YOUR TASK: Leave the pictures out and return every line below exactly.

INFORMATION:
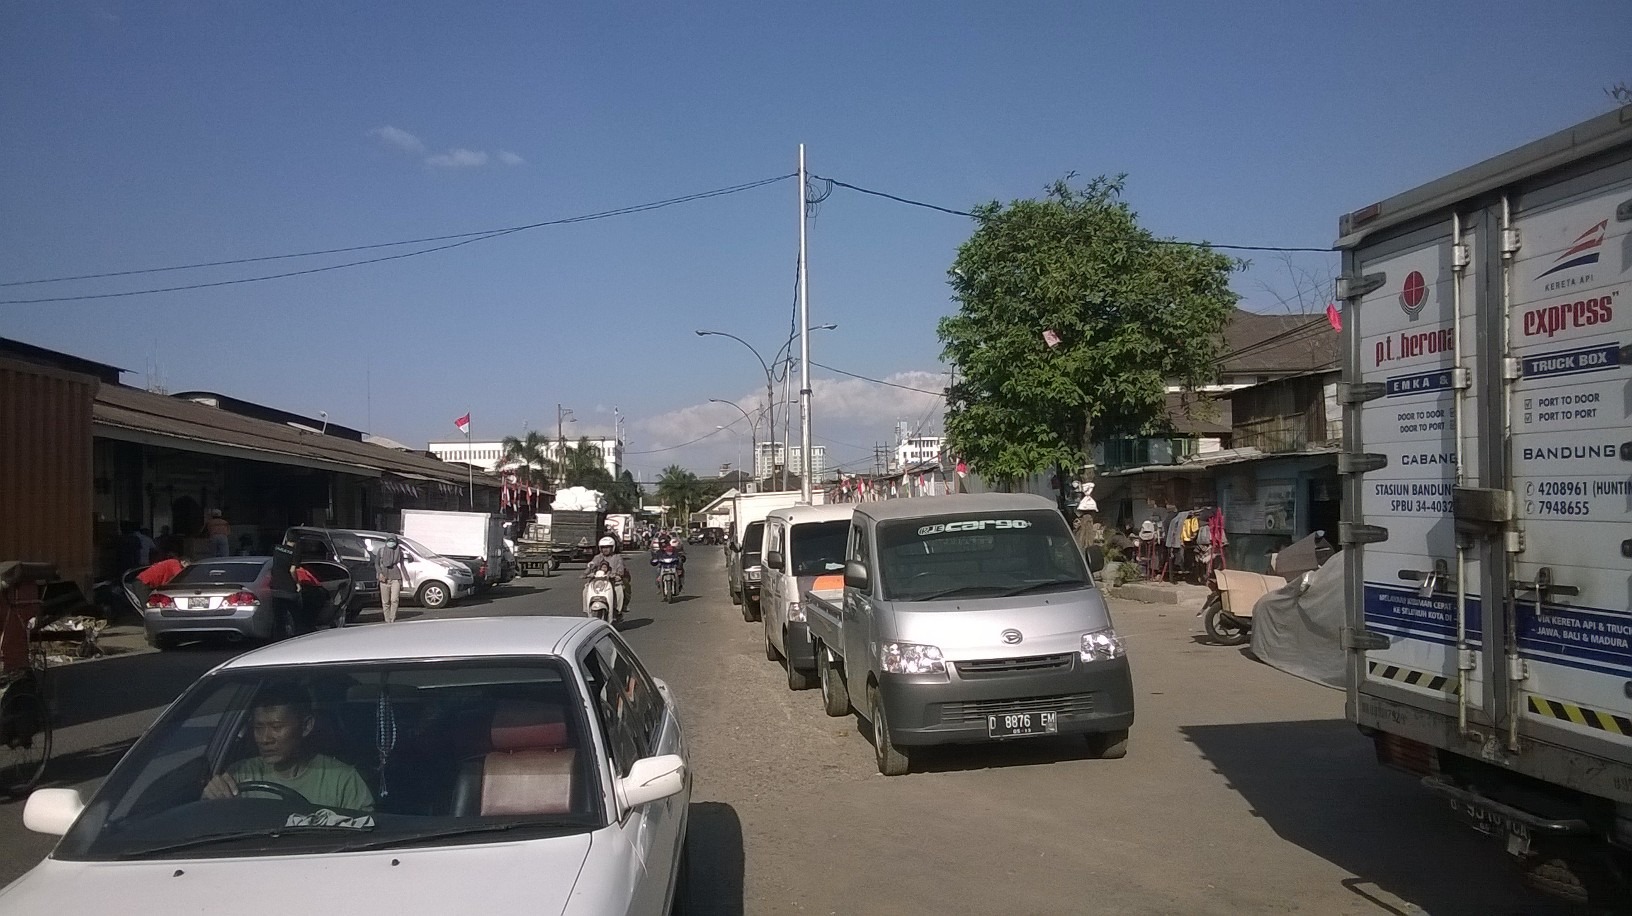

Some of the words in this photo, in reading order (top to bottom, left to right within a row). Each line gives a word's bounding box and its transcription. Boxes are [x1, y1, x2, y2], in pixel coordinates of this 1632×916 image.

[1545, 278, 1576, 291] KERETA
[1580, 274, 1594, 284] API
[1532, 356, 1575, 373] TRUCK
[1579, 351, 1608, 366] BOX
[1393, 377, 1430, 392] EMKA
[1440, 375, 1449, 385] &
[1538, 397, 1559, 408] PORT
[1561, 395, 1573, 405] TO
[1574, 393, 1600, 404] DOOR
[1397, 412, 1415, 421] DOOR
[1416, 411, 1425, 420] TO
[1426, 409, 1445, 419] DOOR
[1538, 411, 1559, 422] PORT
[1561, 410, 1573, 420] TO
[1574, 408, 1597, 419] PORT
[1400, 424, 1418, 433] DOOR
[1419, 423, 1428, 432] TO
[1428, 421, 1445, 431] PORT
[1523, 445, 1616, 460] BANDUNG
[1375, 484, 1409, 496] STASIUN
[1411, 484, 1455, 496] BANDUN
[1538, 481, 1588, 496] 4208961
[1391, 500, 1413, 512] SPBU
[1538, 501, 1590, 516] 7948655
[945, 519, 1028, 533] cargo
[1392, 606, 1401, 614] KE
[1427, 611, 1445, 620] KOTA
[1433, 601, 1453, 611] CEPAT
[1537, 615, 1551, 624] VIA
[1552, 616, 1581, 628] KERETA
[1582, 620, 1597, 630] API
[1597, 622, 1605, 632] &
[1562, 630, 1581, 641] BALI
[1582, 633, 1589, 643] &
[1590, 634, 1629, 649] MADURA
[989, 716, 997, 730] D
[1004, 714, 1031, 729] 8876
[1040, 713, 1055, 726] EM
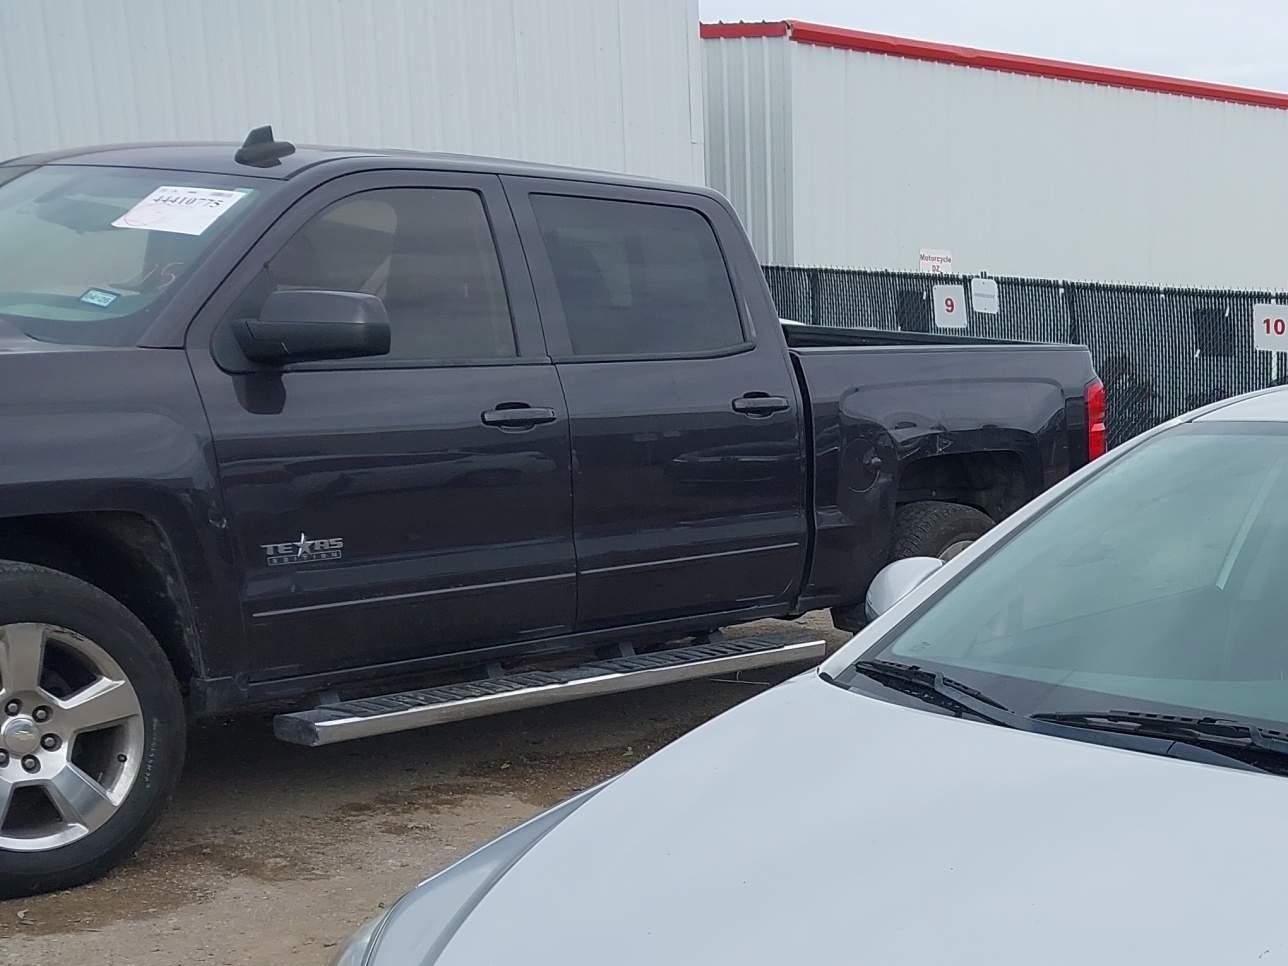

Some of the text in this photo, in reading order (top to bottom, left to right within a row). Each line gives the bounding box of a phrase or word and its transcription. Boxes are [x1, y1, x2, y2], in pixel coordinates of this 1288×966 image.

[944, 297, 955, 314] 9
[1262, 318, 1286, 336] 10
[259, 536, 343, 556] TEXAS

FINISHED EXERCISE:
Some of the words in this photo, in reading order (top to bottom, left to right within a row). Each line gives a word's bounding box and its transcription. Boxes are [x1, y1, x2, y2], in pixel coordinates of this 1632×916 image.

[1545, 278, 1576, 291] KERETA
[1580, 274, 1594, 284] API
[1532, 356, 1575, 373] TRUCK
[1579, 351, 1608, 366] BOX
[1393, 377, 1430, 392] EMKA
[1440, 375, 1449, 385] &
[1538, 397, 1559, 408] PORT
[1561, 395, 1573, 405] TO
[1574, 393, 1600, 404] DOOR
[1397, 412, 1415, 421] DOOR
[1416, 411, 1425, 420] TO
[1426, 409, 1445, 419] DOOR
[1538, 411, 1559, 422] PORT
[1561, 410, 1573, 420] TO
[1574, 408, 1597, 419] PORT
[1400, 424, 1418, 433] DOOR
[1419, 423, 1428, 432] TO
[1428, 421, 1445, 431] PORT
[1523, 445, 1616, 460] BANDUNG
[1375, 484, 1409, 496] STASIUN
[1411, 484, 1455, 496] BANDUN
[1538, 481, 1588, 496] 4208961
[1391, 500, 1413, 512] SPBU
[1538, 501, 1590, 516] 7948655
[945, 519, 1028, 533] cargo
[1392, 606, 1401, 614] KE
[1427, 611, 1445, 620] KOTA
[1433, 601, 1453, 611] CEPAT
[1537, 615, 1551, 624] VIA
[1552, 616, 1581, 628] KERETA
[1582, 620, 1597, 630] API
[1597, 622, 1605, 632] &
[1562, 630, 1581, 641] BALI
[1582, 633, 1589, 643] &
[1590, 634, 1629, 649] MADURA
[989, 716, 997, 730] D
[1004, 714, 1031, 729] 8876
[1040, 713, 1055, 726] EM

Some of the text in this photo, in reading order (top to bottom, left to right within a row). Each line gives the bounding box of a phrase or word and its transcription. Boxes are [x1, y1, x2, y2], in pixel coordinates of this 1288×966 image.

[944, 297, 955, 314] 9
[1262, 318, 1286, 336] 10
[259, 536, 343, 556] TEXAS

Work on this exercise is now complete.